───── The input ─────

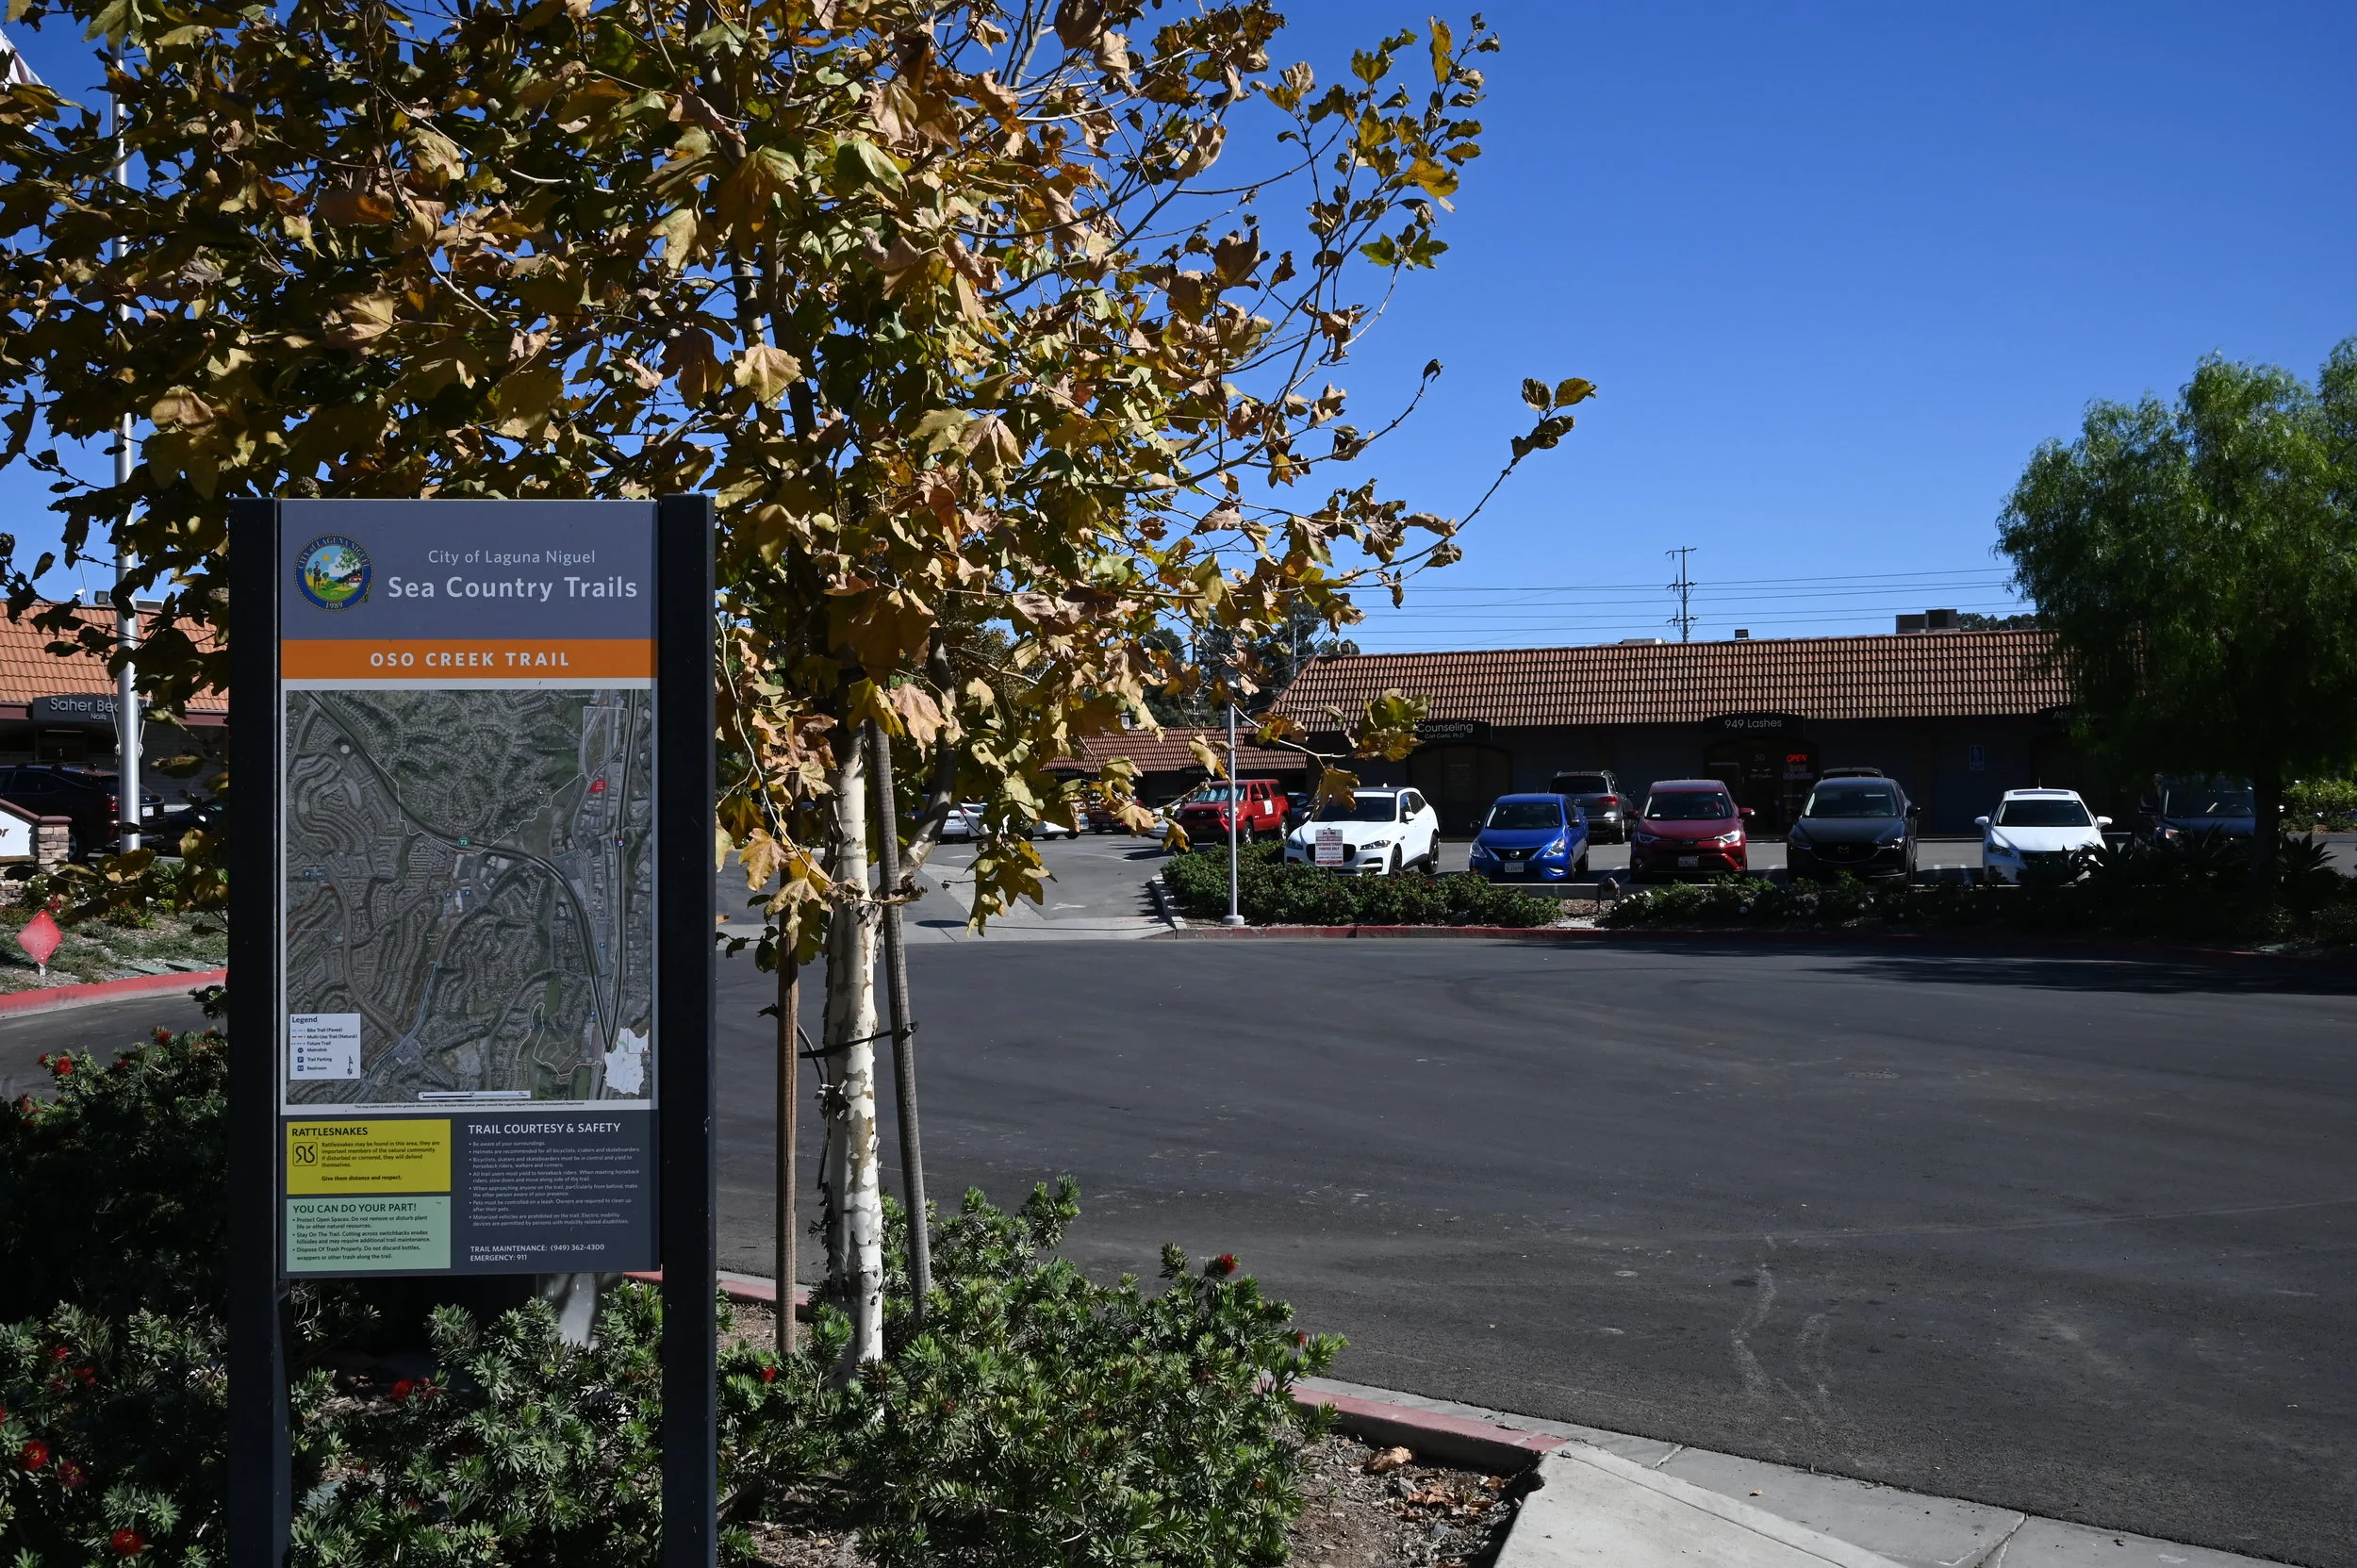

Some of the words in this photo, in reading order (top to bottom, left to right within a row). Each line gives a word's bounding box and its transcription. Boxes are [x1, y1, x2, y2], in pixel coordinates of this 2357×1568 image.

[429, 551, 458, 566] City
[465, 551, 480, 563] of
[486, 551, 540, 566] Laguna
[546, 551, 596, 566] Niguel
[388, 576, 435, 598] Sea
[446, 576, 553, 602] Country
[564, 576, 637, 598] Trails
[371, 652, 415, 667] OSO
[425, 652, 495, 667] CREEK
[504, 652, 569, 667] TRAIL
[50, 698, 92, 712] Saher
[1417, 722, 1474, 734] Counseling
[1724, 719, 1744, 729] 949
[1747, 718, 1782, 728] Lashes
[1786, 754, 1807, 763] OPEN
[292, 1128, 368, 1136] RATTLESNAKES
[469, 1125, 501, 1134] TRAIL
[503, 1124, 564, 1133] COURTESY
[577, 1123, 620, 1132] SAFETY
[316, 1204, 338, 1213] CAN
[340, 1204, 356, 1213] DO
[387, 1203, 417, 1212] PART!

─────

# Task directions
Without the pictures, write out the whole listing exactly as it appears.

# Answer for the task
Some of the words in this photo, in reading order (top to bottom, left to right within a row). Each line gives a word's bounding box and its transcription. Boxes are [x1, y1, x2, y2], in pixel coordinates of this 2357×1568 image.

[429, 551, 458, 566] City
[465, 551, 480, 563] of
[486, 551, 540, 566] Laguna
[546, 551, 596, 566] Niguel
[388, 576, 435, 598] Sea
[446, 576, 553, 602] Country
[564, 576, 637, 598] Trails
[371, 652, 415, 667] OSO
[425, 652, 495, 667] CREEK
[504, 652, 569, 667] TRAIL
[50, 698, 92, 712] Saher
[1417, 722, 1474, 734] Counseling
[1724, 719, 1744, 729] 949
[1747, 718, 1782, 728] Lashes
[1786, 754, 1807, 763] OPEN
[292, 1128, 368, 1136] RATTLESNAKES
[469, 1125, 501, 1134] TRAIL
[503, 1124, 564, 1133] COURTESY
[577, 1123, 620, 1132] SAFETY
[316, 1204, 338, 1213] CAN
[340, 1204, 356, 1213] DO
[387, 1203, 417, 1212] PART!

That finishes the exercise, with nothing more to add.